宇都宮の街のど真ん中に、標高132メートルの山頂に二荒三神社があります。石段を上がると拝殿、そして本殿があって、そこから後ろを振り返って山の上から宇都宮市内を見下ろした時の爽快感て言ったらないですよ。これはイメージ通りの曲になったし、皆さんもそこに行ったらこの曲がよりわかると思います。プチ大河ってことで里アンナさんに歌ってもらいました。ドローンで宇都宮のイメージ映像を作って、この曲をサントラで使ってくれないかなとも思ってます。ちなみにタイトルは、二荒山神社って日光と宇都宮に2つあるから意味がファジーになるように「Futa_ara」にしたんです。

―どういう人にこのアルバムを聴いてほしいですか?

ある後輩に、「47都道府県、20枚ずつ売ったらそれで1000枚近く稼げるじゃないですか」って言われて妙に納得しちゃって。ツアーは20数か所周るんですけど、6月6日にリリースパーティーもあるし、ツアーという名の実演販売をします。そこそこ精魂込めて作ってるし、CDを直接手渡して、買ってくれる人の顔が見えるってなかなかいいじゃないですか。今の時代に手売りって、送料いらないし結構斬新だなって思って、一周回ってむしろ新しいなって(笑)。 それでアルバム出すことにも、ツアーをやるごとにも承諾したんですけどね。

ーツアーは何人で回るんですか?

一人ですよ、本当に試聴即売会です。場所によってはクラブイベントでDJプレイをするかもしれないけど、アルバムかけて曲を解説して、「はい、買ってちょうだい!」って(笑)。

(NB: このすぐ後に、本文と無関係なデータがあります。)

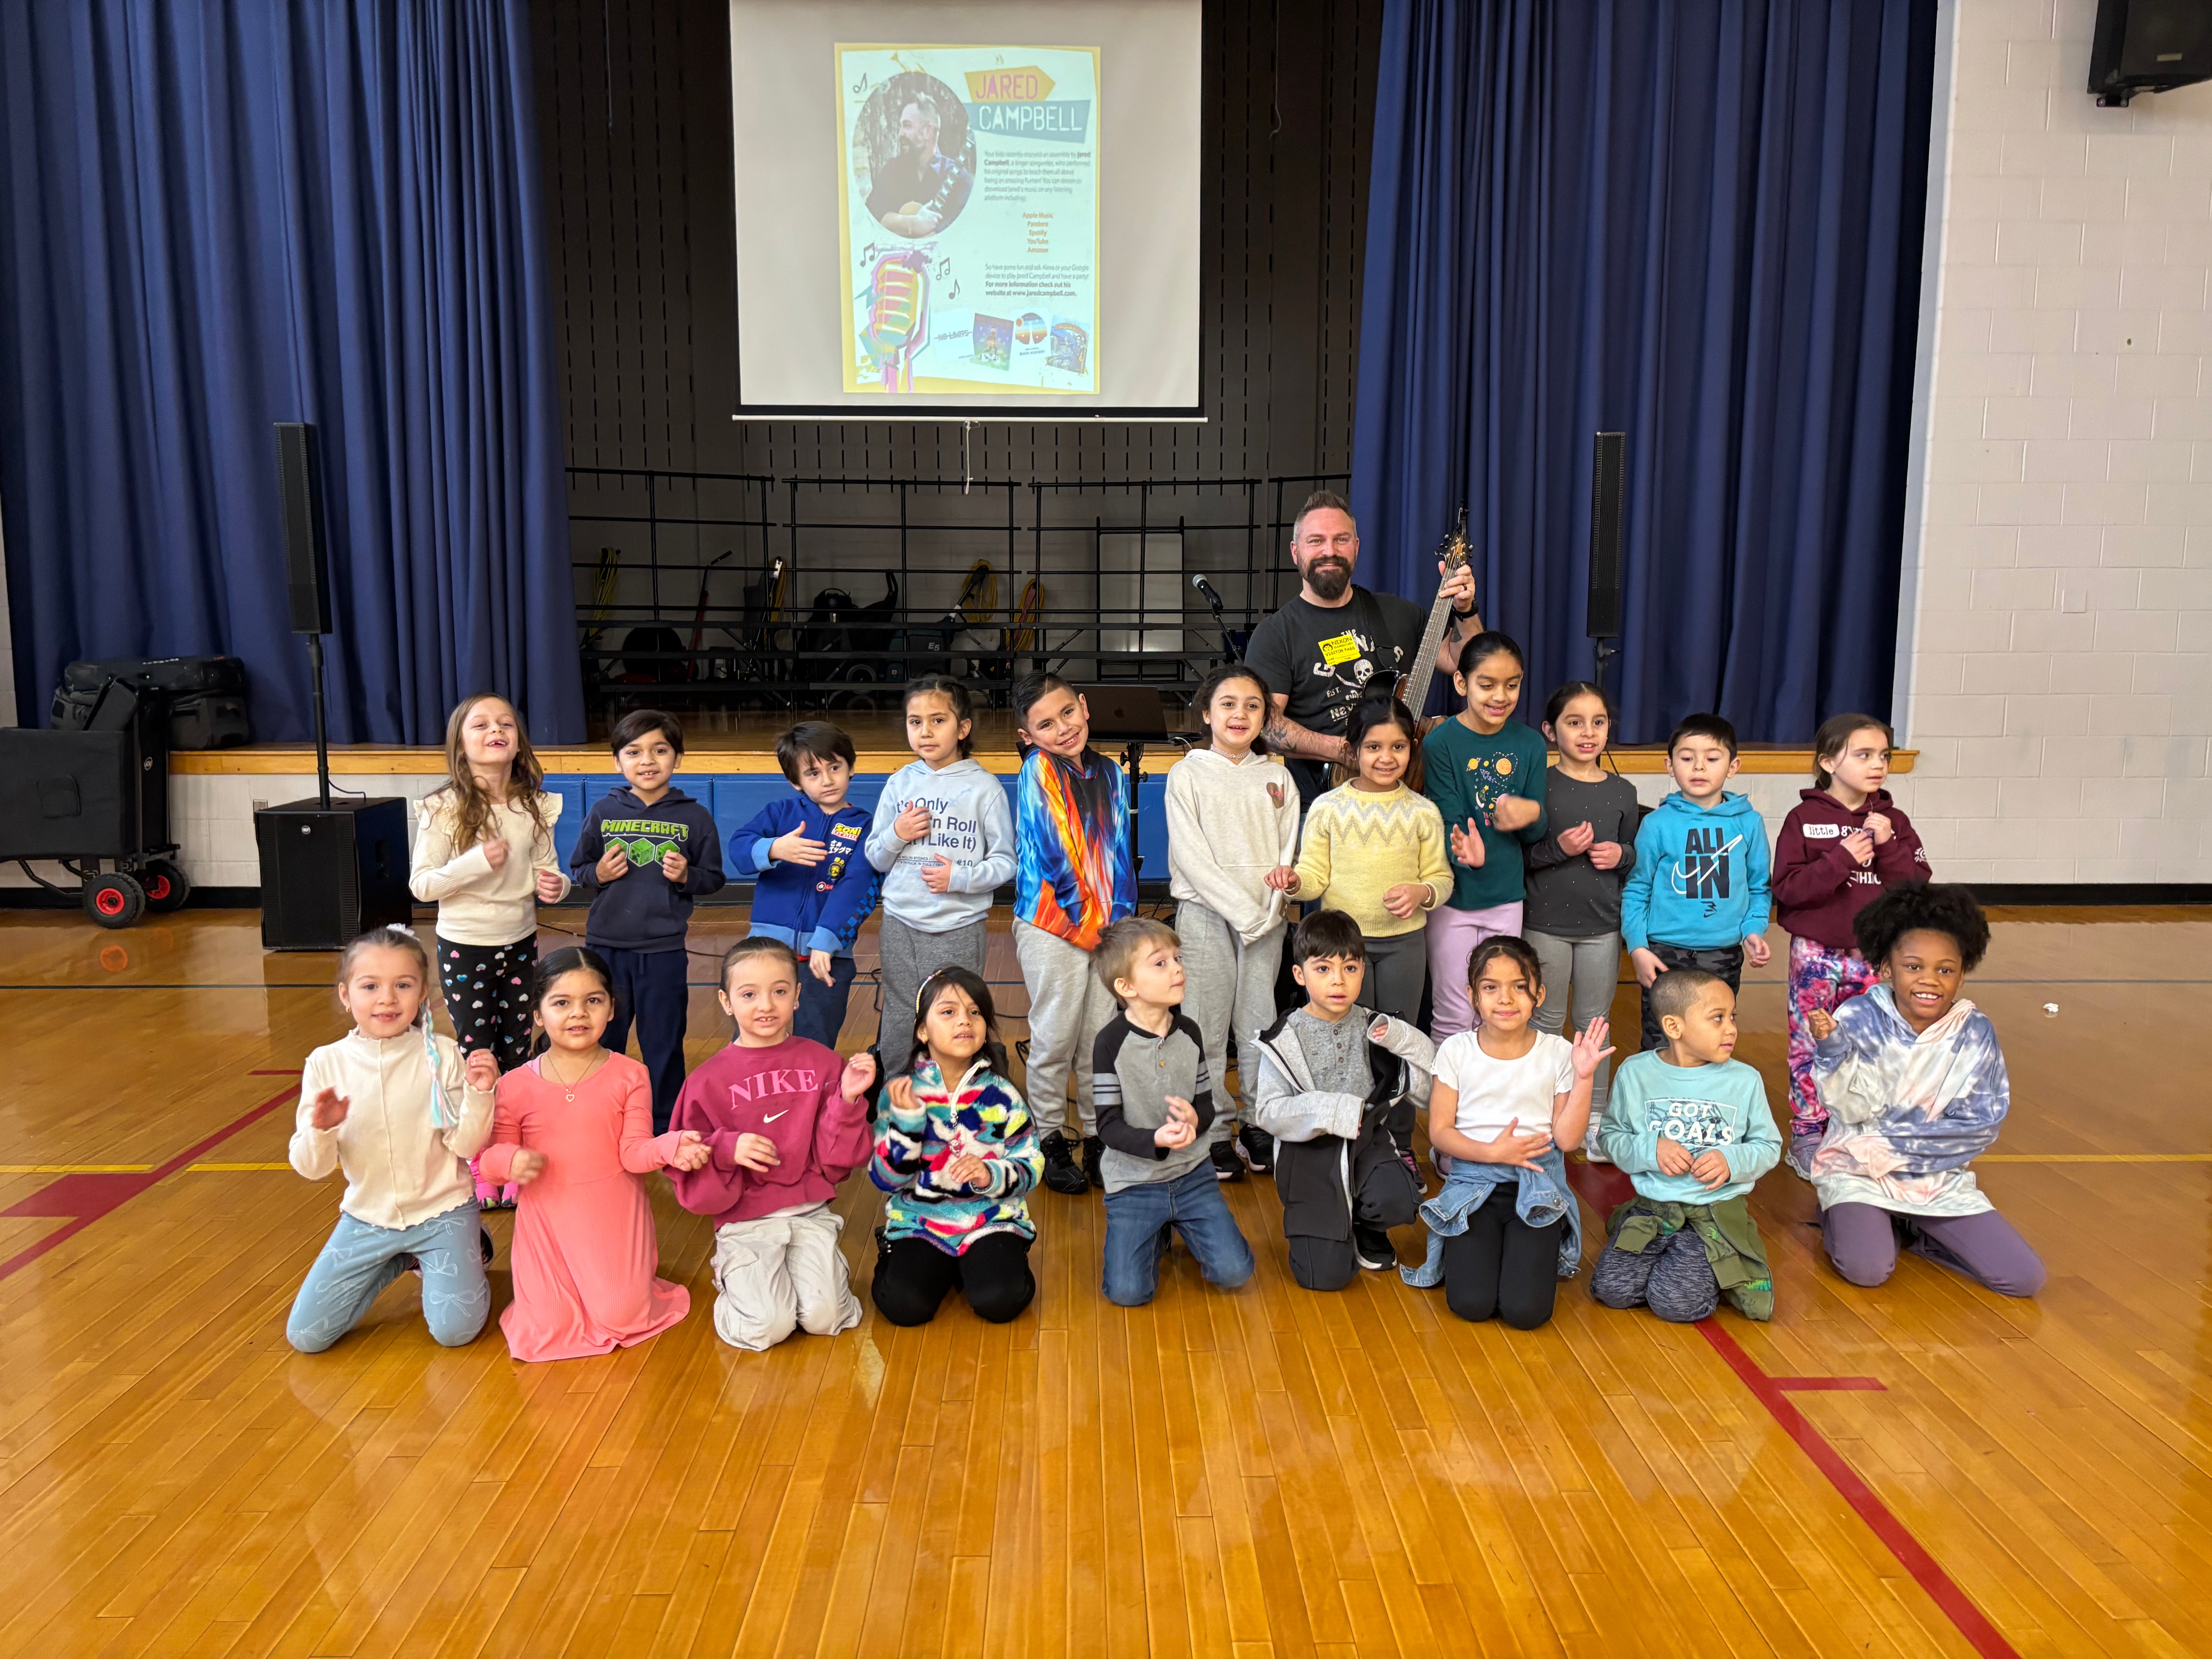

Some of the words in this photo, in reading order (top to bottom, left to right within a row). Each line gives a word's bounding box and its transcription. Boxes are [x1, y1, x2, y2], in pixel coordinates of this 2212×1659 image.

―ところで全国でクラブシーンはどの地域が盛り上がっています?

やはり東京に尽きると思いますが、地方でもアンダーグラウンドなシーンは健在です。関西が少し寂しいイメージがありますが、2020年に向けて色々仕掛けてくれるでしょう。お客さんの質がいいので、また以前のようにマンスリーで行きたい!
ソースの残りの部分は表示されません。